* Task goal *
Restating the data word for word is all that is required.

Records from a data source
----
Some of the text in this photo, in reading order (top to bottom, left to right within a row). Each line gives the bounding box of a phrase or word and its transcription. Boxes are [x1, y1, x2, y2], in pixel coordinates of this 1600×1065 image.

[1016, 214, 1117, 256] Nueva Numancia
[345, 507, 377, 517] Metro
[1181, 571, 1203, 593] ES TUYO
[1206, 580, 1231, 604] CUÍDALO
----
* Task response *
Some of the text in this photo, in reading order (top to bottom, left to right within a row). Each line gives the bounding box of a phrase or word and its transcription. Boxes are [x1, y1, x2, y2], in pixel coordinates of this 1600×1065 image.

[1016, 214, 1117, 256] Nueva Numancia
[345, 507, 377, 517] Metro
[1181, 571, 1203, 593] ES TUYO
[1206, 580, 1231, 604] CUÍDALO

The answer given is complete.